*** Opening of Source material ***

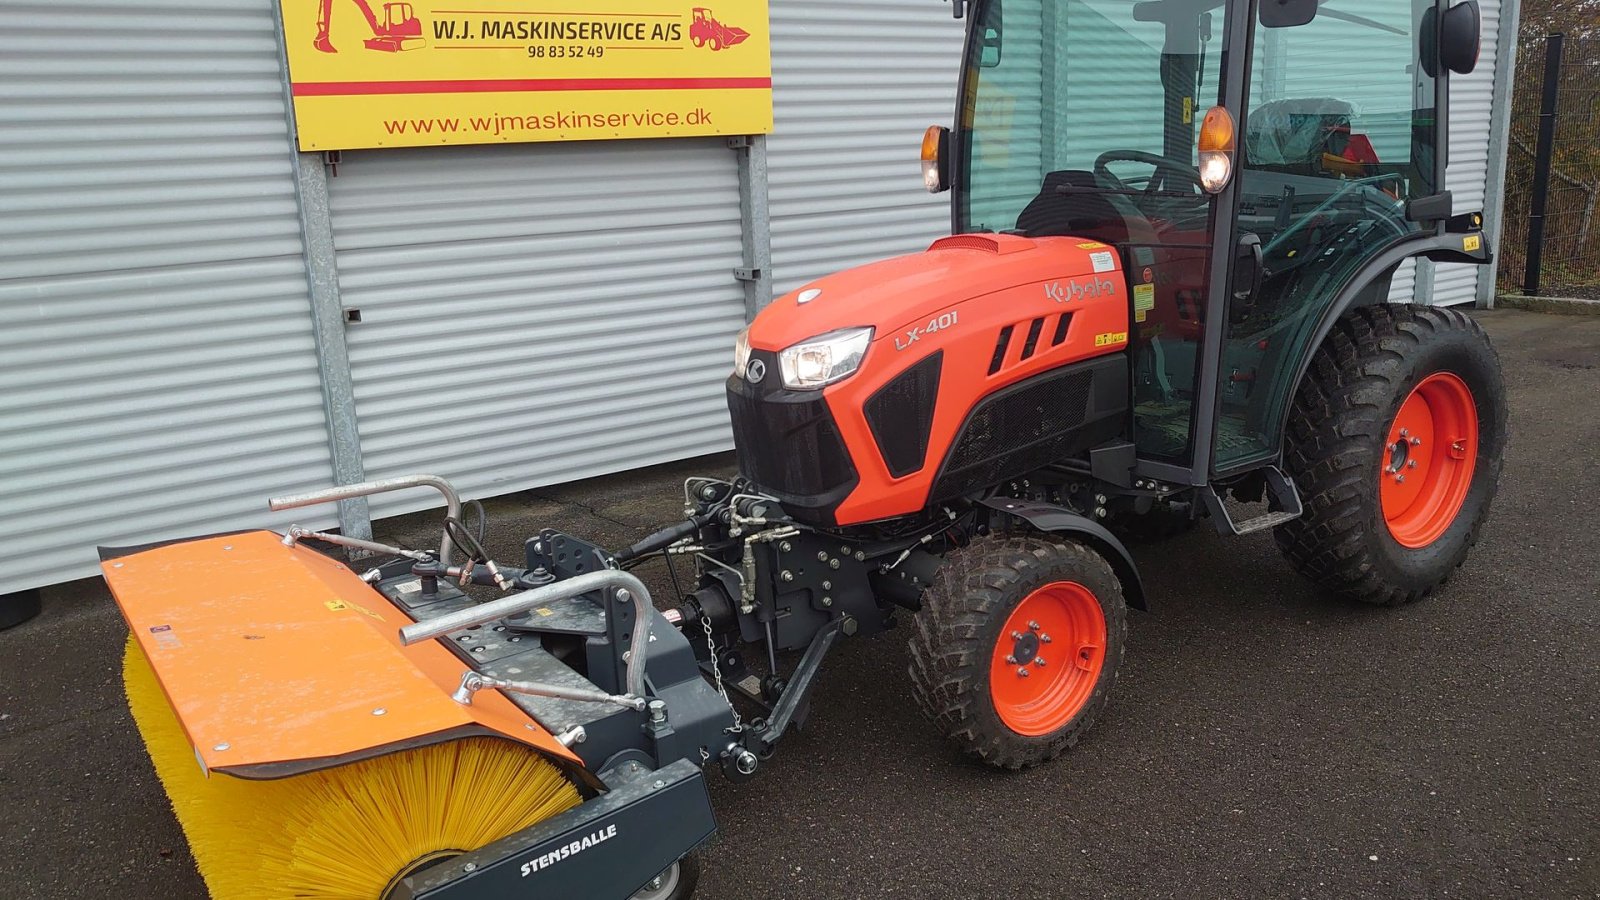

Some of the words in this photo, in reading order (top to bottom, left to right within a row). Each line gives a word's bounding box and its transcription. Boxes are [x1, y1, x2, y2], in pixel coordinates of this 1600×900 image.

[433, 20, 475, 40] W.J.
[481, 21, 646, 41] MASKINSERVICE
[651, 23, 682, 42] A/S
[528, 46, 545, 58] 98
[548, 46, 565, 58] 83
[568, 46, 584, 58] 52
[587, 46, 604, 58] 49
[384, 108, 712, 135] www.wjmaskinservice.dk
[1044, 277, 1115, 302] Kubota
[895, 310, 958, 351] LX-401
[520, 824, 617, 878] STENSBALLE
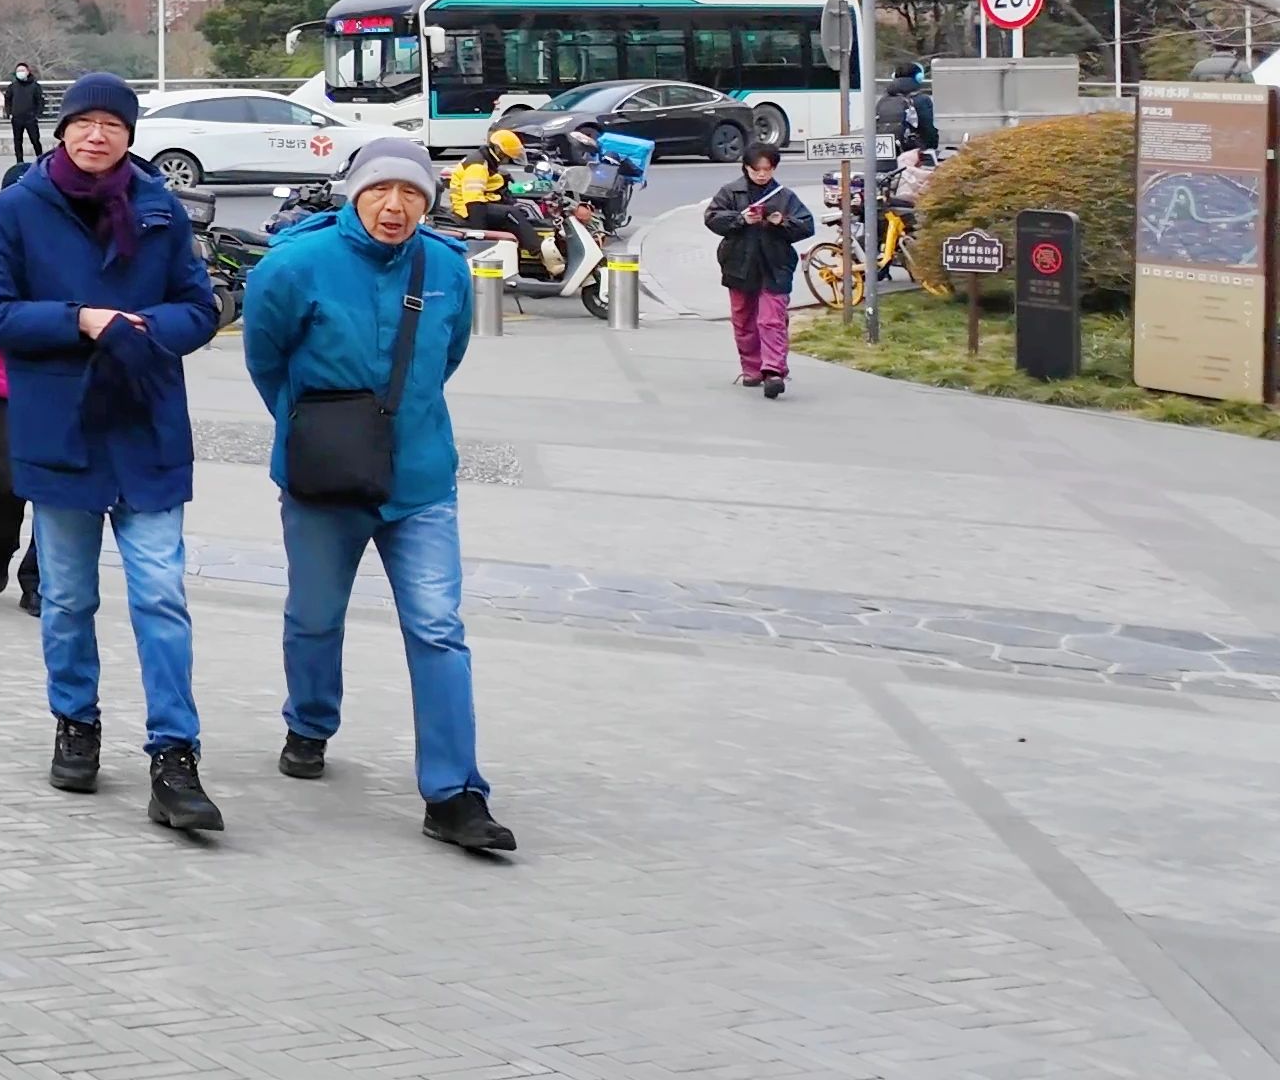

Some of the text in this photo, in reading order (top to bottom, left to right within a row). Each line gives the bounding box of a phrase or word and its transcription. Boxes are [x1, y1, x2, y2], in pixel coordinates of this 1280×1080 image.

*** Close of Source material ***

What to produce: Without the pictures, repeat every line of the material above exactly.

Solution for this problem:
Some of the words in this photo, in reading order (top to bottom, left to right within a row). Each line gives a word's bounding box and its transcription. Boxes are [x1, y1, x2, y2], in pixel coordinates of this 1600×900 image.

[433, 20, 475, 40] W.J.
[481, 21, 646, 41] MASKINSERVICE
[651, 23, 682, 42] A/S
[528, 46, 545, 58] 98
[548, 46, 565, 58] 83
[568, 46, 584, 58] 52
[587, 46, 604, 58] 49
[384, 108, 712, 135] www.wjmaskinservice.dk
[1044, 277, 1115, 302] Kubota
[895, 310, 958, 351] LX-401
[520, 824, 617, 878] STENSBALLE

Some of the text in this photo, in reading order (top to bottom, left to right within a row). Each line gives the bounding box of a phrase or word and its transcription. Boxes are [x1, y1, x2, y2], in pixel coordinates of this 1280×1080 image.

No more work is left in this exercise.